A technique called northeastern blotting allows measuring m6A modifications in RNA. But this method is less efficient, however recent technological developments allow for a more accurate and comprehensive analysis of these modifications in RNA.
Oshima et al. found that the insertion of bridged nucleic acids (BNAs) into DNA probes increases the difference in melting temperature between N6-methyladenosine (m6A)-containing RNA and unmethylated RNA. This approach allowed the researcher to quantify methylation efficiency at m6A sites in E. coli 23S rRNA with high accuracy. The design of the fluorescent BNA probes is illustrated in figure 1.
Figure 1: Fluorescent BNA probes for m6A RNAs as designed by Oshima et al. (2018).
N6-Methyladenosine (m6A) modifications are relatively abundant modifications in RNA molecules in ribosomal RNA (rRNA), small nuclear RNA (snRNA) and messenger RNA (mRNA) of various species. N6-Methyladenosine (m6A) modifications of RNA occur in eukaryotes in mRNA, rRNA, tRNA, and microRNA and appear to be reversible since demethylation enzymes are known to be present in various species. RNA modifications affect RNA splicing, translation, degradation, and localization. Modified RNAs have significant roles in transcriptional control, but their role in the regulation of diverse physiological pathways is still unclear. The structure of a RNA duplex containing m6A is illustrated in figure 2.

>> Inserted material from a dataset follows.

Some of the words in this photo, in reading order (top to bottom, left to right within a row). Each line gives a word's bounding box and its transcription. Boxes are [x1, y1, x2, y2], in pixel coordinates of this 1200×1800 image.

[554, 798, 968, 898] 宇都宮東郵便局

Figure 2: Structure of methylated RNA duplex as reported by Roost et al. in 2015. m6A is oriented anti in a paired duplex, with the methyl group in the anti conformation as well. (A) Structure of the 10 bp duplex with methylated adenosines. (B) Structural model of N6-Methyladenosine as found in RNA. (C) Base pairs alone of m6A/U as found in the duplex.

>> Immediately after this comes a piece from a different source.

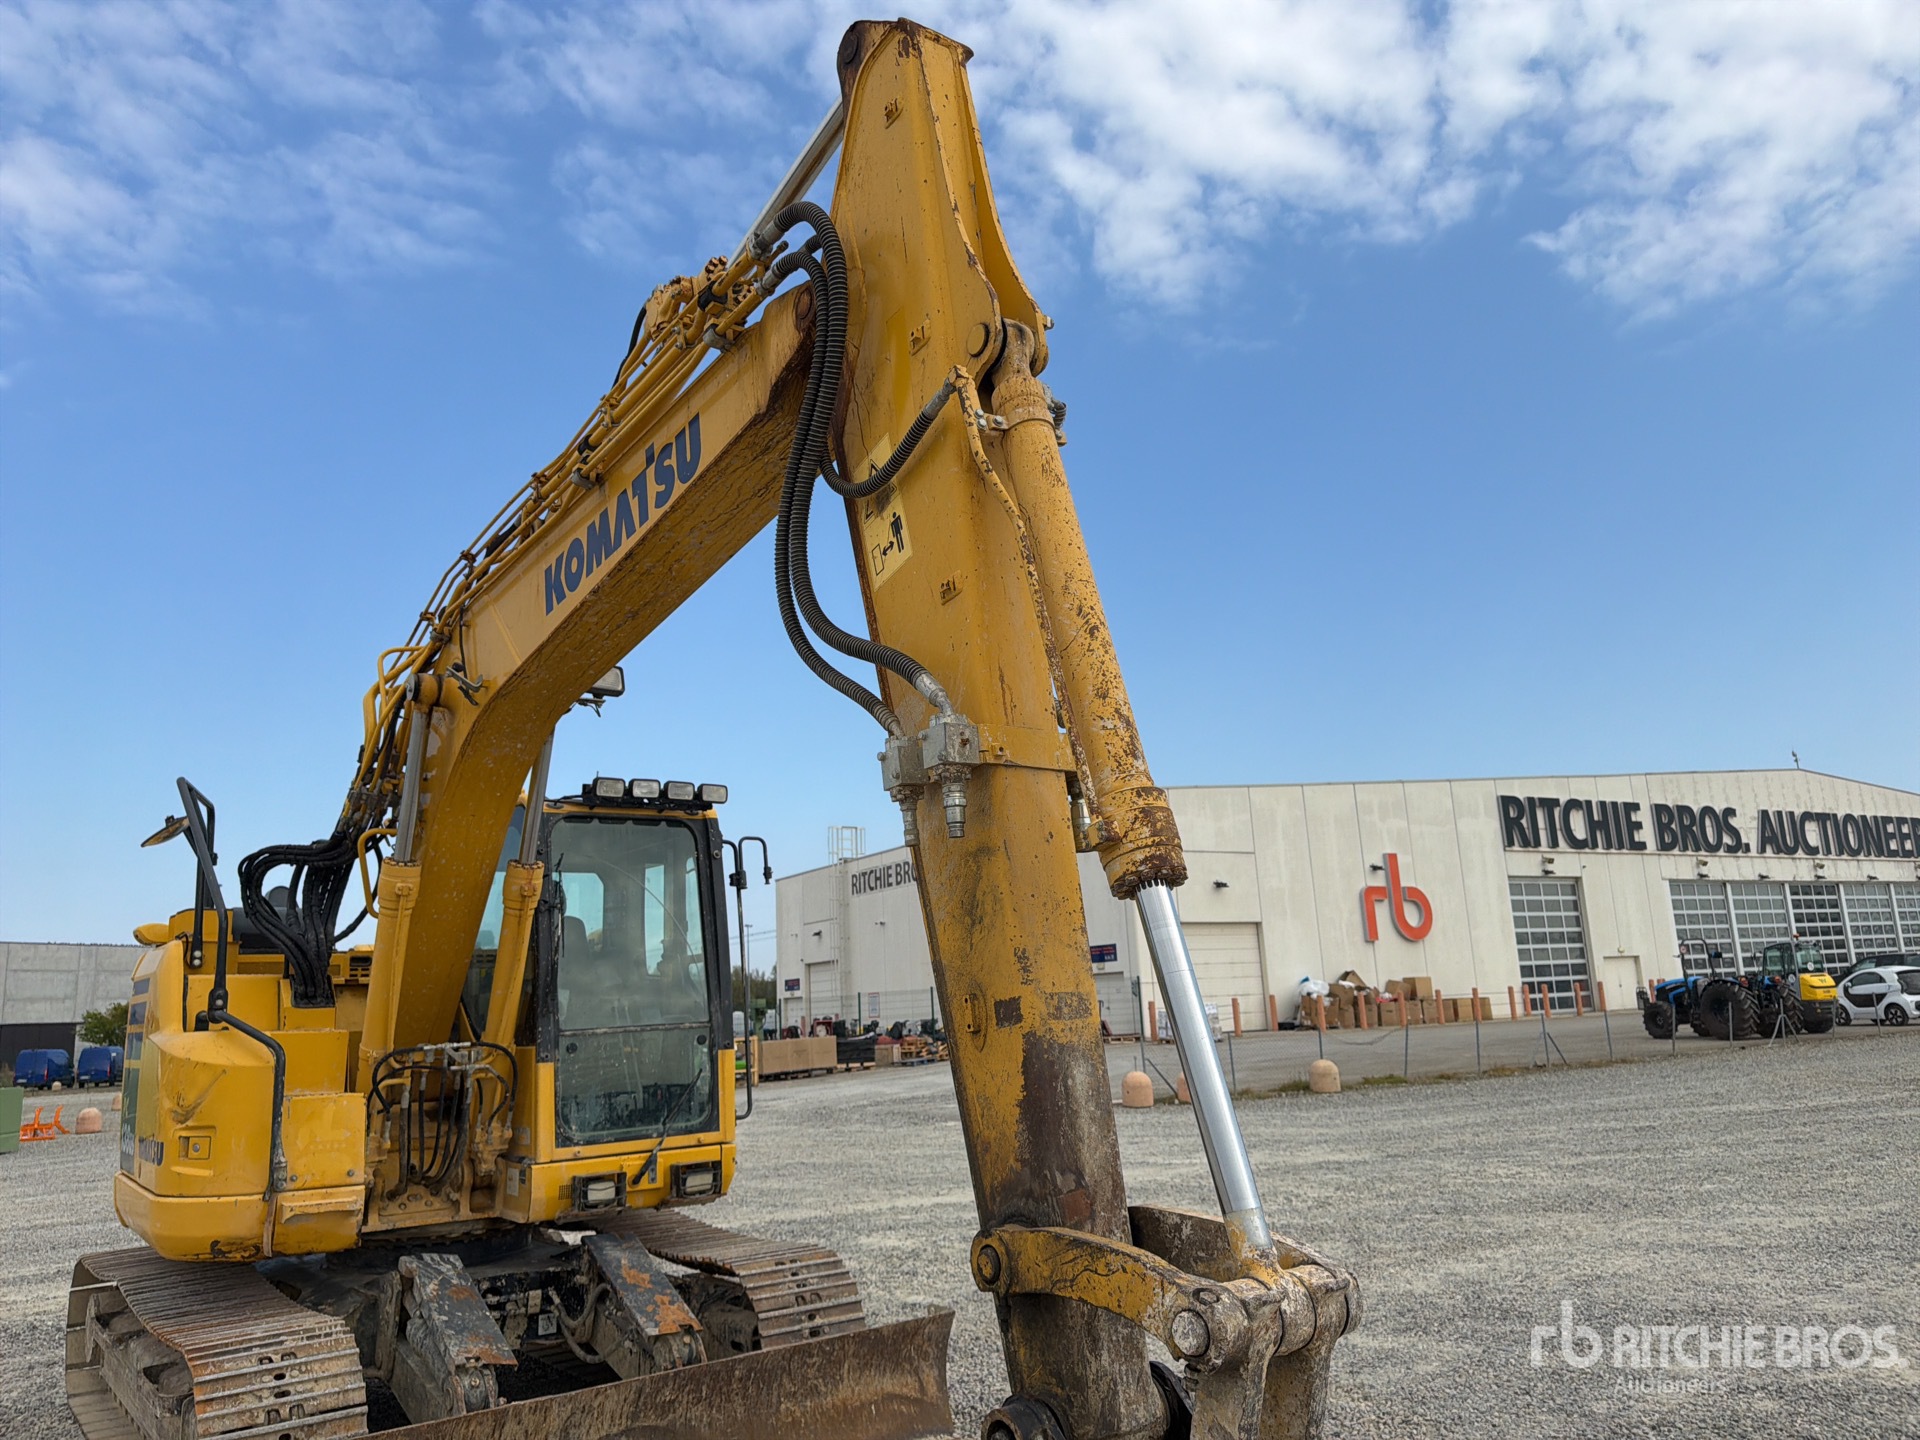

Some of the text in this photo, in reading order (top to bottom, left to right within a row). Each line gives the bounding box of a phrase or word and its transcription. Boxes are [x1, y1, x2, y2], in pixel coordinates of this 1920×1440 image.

[545, 412, 702, 617] KOMATSU
[1498, 795, 1647, 851] RITCHIE
[1651, 803, 1751, 854] BROS.
[851, 866, 893, 896] RITCHIE

m6A modifications influence many physiological processes such as circadian rhythms, stem cell pluripotency, fibrosis, triglyceride metabolism, and obesity. m6A modifications are thought to control RNA degradation, localization, and splicing. However, their exact role in pathophysiological states is still unclear. Therefore, one can reason that the investigation of m6A modifications are essential to provide insights into molecular physiology and molecular pathways influenced by this modification.
Roost C, Lynch SR, Batista PJ, Qu K, Chang HY, Kool ET. Structure and thermodynamics of N6-methyladenosine in RNA: a spring-loaded base modification. J Am Chem Soc. 2015;137(5):2107-15.
Oshima T , Ishiguro K , Suzuki T , Kawahara Y .; Quantification of methylation efficiency at a specific N6-methyladenosine position in rRNA by using BNA probes. Chem Commun (Camb). 2018 Aug 23;54(69):9627-9630. doi: 10.1039/c8cc03713b.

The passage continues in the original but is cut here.